Para mejorar el rendimiento deportivo de Braian Toledo, el entrenador Gustavo Osorio trabaja, entre otros profesionales, con especialistas en biomecánica y en antropometría.
Osorio insiste en que sólo con perseverancia y trabajo se pueden alcanzar los grandes logros, y aclara que ni él ni Braian piensan en los récords. Además, subraya que la plusmarca que se alcanzó en el Cenard fue gracias al trabajo en equipo de un grupo multidisciplinario. "Nos ayudó mucho el trabajo psicológico que hicimos con Patricia Whigtman en el Cenard. Trabajamos con una máquina para medir el nivel de atención de Braian y pudimos lograr en él un alto nivel de concentración. Creo que eso fue algo decisivo", reconoció el entrenador.
Además, Osorio trabaja con especialistas en biomecánica (se trata de la utilización de los conocimientos de la mecánica, la ingeniería, la anatomía, la fisiología y otras disciplinas, para estudiar el comportamiento del cuerpo humano) y en antropometría (que estudia las medidas del hombre).
También cuenta con la ayuda de un cardiólogo y con el asesoramiento del cubano Miguel Bernal, especialista en lanzamiento de jabalina, que aconseja a Osorio en la técnica de la especialidad. "Miguel fue una ayuda enorme para entender muchos secretos de la jabalina", asegura el entrenador. Por otro lado, dispone del asesoramiento de Luis Endorociain, quien cuenta con un magíster en alto rendimiento deportivo, que obtuvo en Madrid.

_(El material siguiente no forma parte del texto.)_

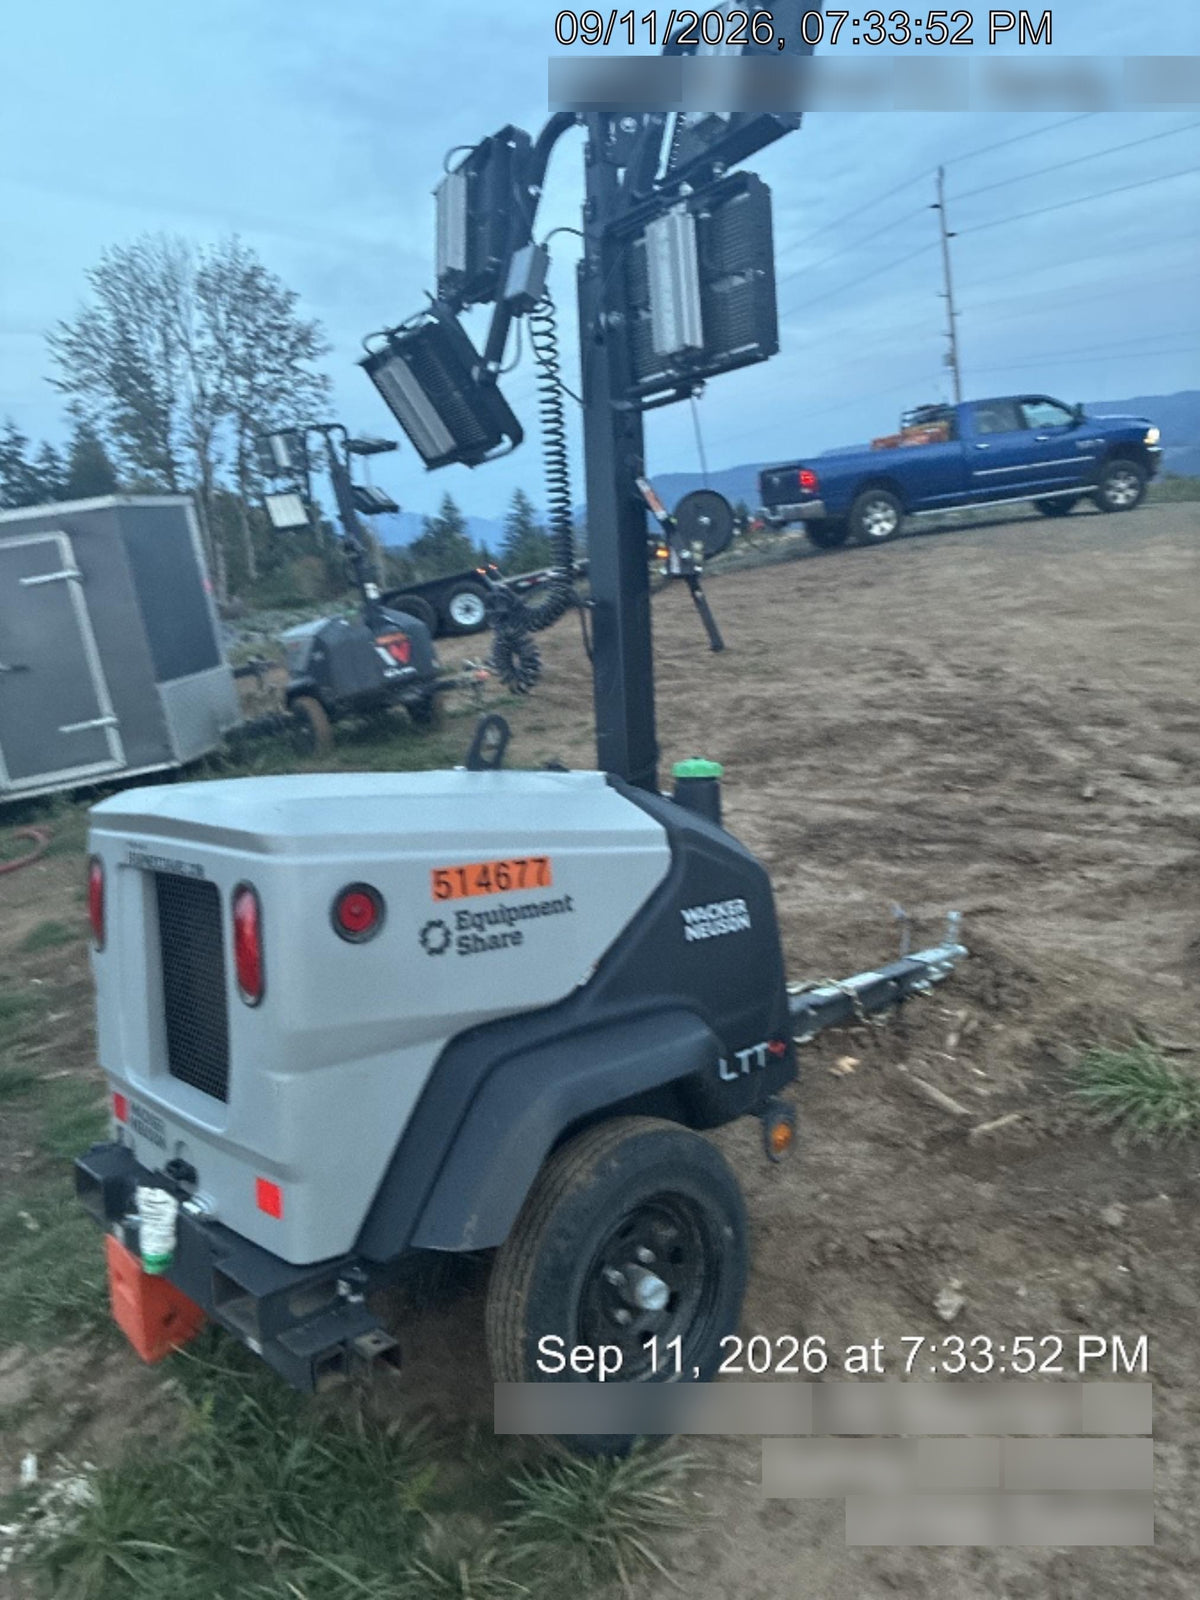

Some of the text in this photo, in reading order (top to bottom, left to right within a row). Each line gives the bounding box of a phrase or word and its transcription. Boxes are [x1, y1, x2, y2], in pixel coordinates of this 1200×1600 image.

Consumado este inolvidable récord, para Toledo el que se avecina es tiempo de salir de nuevo al ruedo a la búsqueda de nuevos objetivos. El principal se centrará en los Juegos Olímpicos de la Juventud, que se disputarán del 14 a 26 de agosto venidero en Singapur. Para ajustar su preparación, primero participará del selectivo que se hará el 27 y 28 del mes próximo en San Pablo, Brasil. El joven atleta no participará de los Juegos Odesur, ese mismo mes, porque allí se compite con una jabalina de 800 gramos.
Luego hará un entrenamiento más intensivo en Formia, Italia. Allí se entrenan deportistas de la talla de la rusa Yelena Isinbayeva, la mejor garrochista del mundo. El propio Germán Chiaraviglio se encuentra en ese lugar haciendo una rehabilitación para volver a la alta competencia.